Even if an employer is not covered by the NEP because it is not in the listed high-hazard industries, it could still face an inspection under the NEP. It requires OSHA inspectors conducting an investigation or inspection not related to heat hazards to open a heat-related inspection if a hazardous heat condition is recorded in an OSHA 300 log or 301 incident report, or if an employee brings a heat-related hazard to the inspector’s attention. The program also will require inspectors to ask during non-heat inspections whether the employer has a heat-related hazard prevention program that applies when the heat index for the day is expected to be 80°F or more. The NEP requires each OSHA regional office to double its number of heat-related inspections. 

For example, an inspection following a hospitalization for an arc flash injury in March in Tampa, FL, would probably expand into a heat-related inspection based just on the heat index. More on that figure below. 

What OSHA Will Be Doing During a Heat-Related Inspection  

During heat-related inspections, the program requires OSHA compliance safety and health officers (CSHOs) to: 

  • Review OSHA 300 logs and 301 incident reports for evidence of heat-related illnesses  
  • Review records of heat-related emergency room visits or ambulance transport  
  • Interview workers for symptoms of headache, dizziness, fainting, dehydration, or other indicia of heat-related illnesses  
  • Document the existence of conditions, such as high temperature, that cause the heat-related hazards  
  • Determine whether the employer has a heat illness and injury program, including whether:  

            – The employer has a written program 

            – The employer monitors temperature and worker exertion 

            – There is unlimited cool water easily accessible to workers 

            – There are required hydration breaks 

            – There are scheduled rest breaks 

            – Workers have access to a shaded area 

            – New and returning workers are provided time for acclimatization 

            – A “buddy” system is in place on hot days 

            – Work is scheduled to avoid hot parts of the day 

            – Job rotation is used to limit heat exposures 

            – Employees are trained in the importance of hydration, heat illness signs, first aid and summoning of emergency personnel 

An interesting aspect of the directive is its reference to the legends and heat index ranges used by the National Weather Service’s heat index chart—Caution (80°F– 90°F HI), Extreme Caution (91°F – 103°F HI), Danger (103°F – 124°F HI), and Extreme Danger (126°F or higher HI). OSHA knows, after the scientific bases for these legends and ranges were questioned, its attorneys declined to rely on them, and that an administrative law judge of the Occupational Safety and Health Review Commission (in a case handled by this firm) found that they lacked a scientific basis. 

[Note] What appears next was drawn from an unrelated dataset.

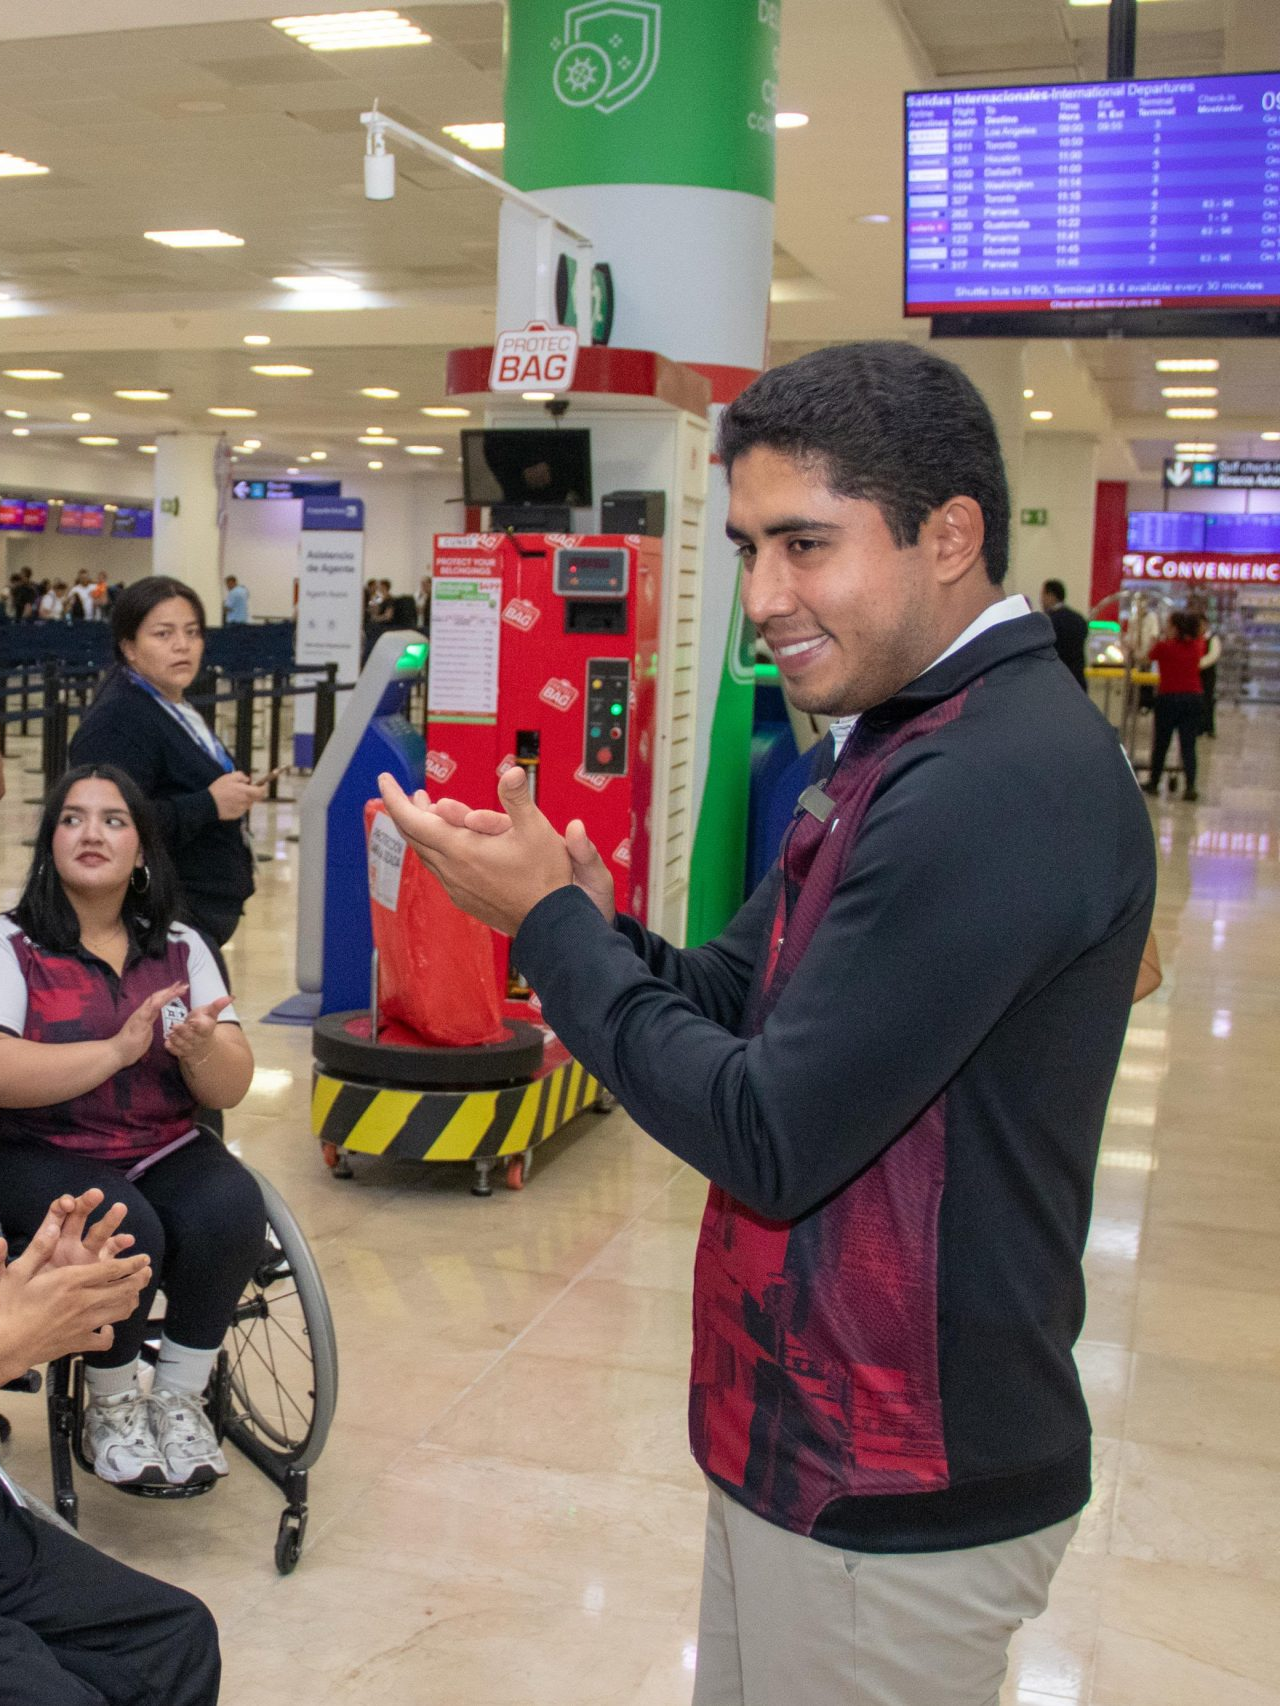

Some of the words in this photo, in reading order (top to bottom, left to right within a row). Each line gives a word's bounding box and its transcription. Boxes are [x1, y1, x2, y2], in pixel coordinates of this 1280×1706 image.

Next Rulemaking Steps for OSHA 

Although the NEP is not an OSHA standard, the agency has announced it is working on a proposed standard. There is no reliable way to know when OSHA will publish a proposed standard. OSHA will probably try to publish one in time to permit a final standard to be issued before the Biden Administration ends, but that is a guess. To do that, the final standard will probably follow the California model (the Assistant Secretary of Labor for OSHA, Doug Parker, is formerly the head of California’s OSHA State Plan), which requires training, cool drinking water, five-minute cool downs in shade, supervisor monitoring, a heat illness prevention program, and high-heat measures. 

What Contractors Should Consider Doing Now 

IEC contractor members – especially in warmer climates – may want to consider reviewing: 

  1. Policy – Review and update (or create?) a written heat illness and injury program; consider using a post-offer medical questionnaire that includes questions about conditions or medications that heat exposure may exacerbate.
  2. Training – Train employees on recognizing symptoms and supervisors on entire program and how to handle emergencies.
  3. Compliance – Monitor heat exposure projections and compliance with the program.
  4. Enforcement – Take action when the program is not followed.

These actions will help keep workers safe from heat-related illnesses and injuries and avoid or minimize any OSHA inspections or citations.